**Dataset entries**
====

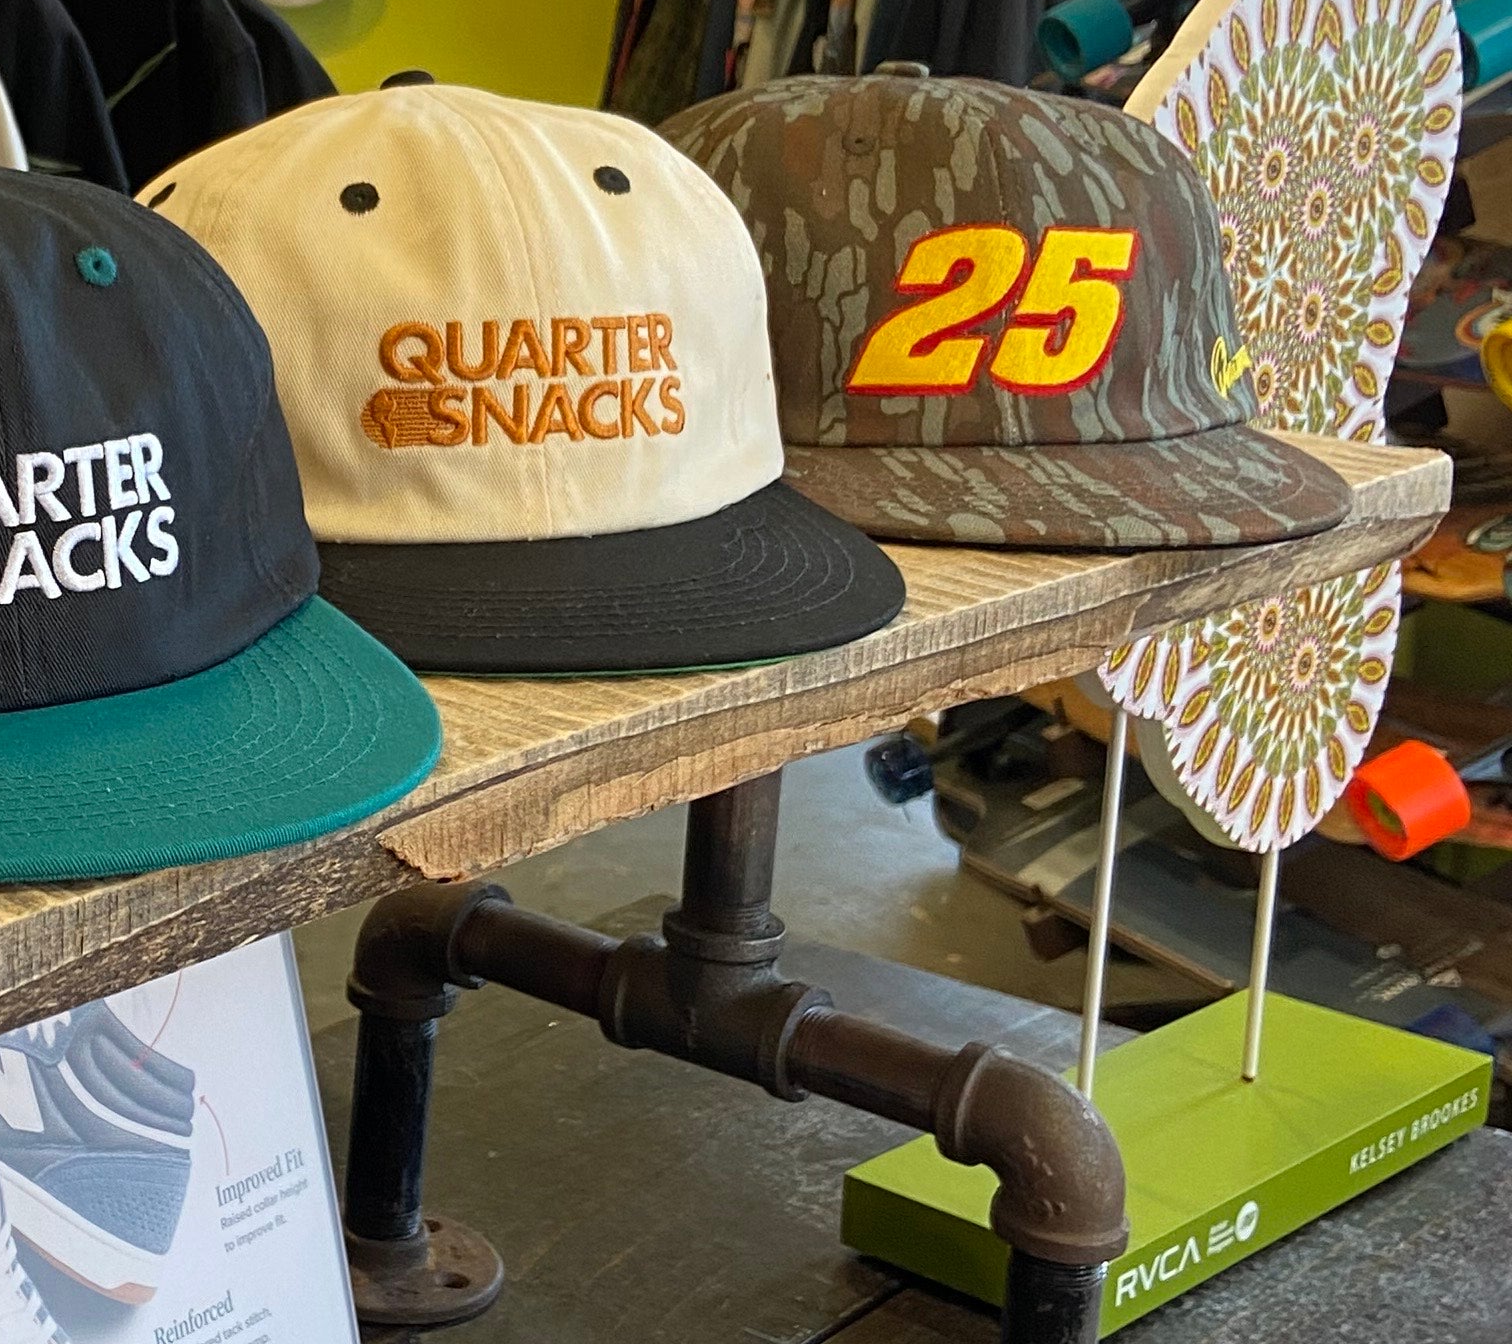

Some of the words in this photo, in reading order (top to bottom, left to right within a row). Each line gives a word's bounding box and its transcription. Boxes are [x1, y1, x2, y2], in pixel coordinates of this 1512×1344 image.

[846, 222, 1141, 397] 25
[378, 313, 678, 386] QUARTER
[427, 375, 686, 447] SNACKS
[1349, 1125, 1408, 1175] KELSEY
[1409, 1087, 1480, 1143] BROOKES
[215, 1155, 284, 1208] Improved
[284, 1148, 305, 1173] Fit
[220, 1205, 253, 1230] Raised
[253, 1194, 279, 1214] collar
[279, 1178, 308, 1200] height
[235, 1221, 275, 1246] improve
[1114, 1235, 1203, 1308] RVCA
[223, 1321, 244, 1341] tack

====

**What the exercise asks**
What is needed is an exact copy of every record above, minus the images.

**Result**
Some of the words in this photo, in reading order (top to bottom, left to right within a row). Each line gives a word's bounding box and its transcription. Boxes are [x1, y1, x2, y2], in pixel coordinates of this 1512×1344 image.

[846, 222, 1141, 397] 25
[378, 313, 678, 386] QUARTER
[427, 375, 686, 447] SNACKS
[1349, 1125, 1408, 1175] KELSEY
[1409, 1087, 1480, 1143] BROOKES
[215, 1155, 284, 1208] Improved
[284, 1148, 305, 1173] Fit
[220, 1205, 253, 1230] Raised
[253, 1194, 279, 1214] collar
[279, 1178, 308, 1200] height
[235, 1221, 275, 1246] improve
[1114, 1235, 1203, 1308] RVCA
[223, 1321, 244, 1341] tack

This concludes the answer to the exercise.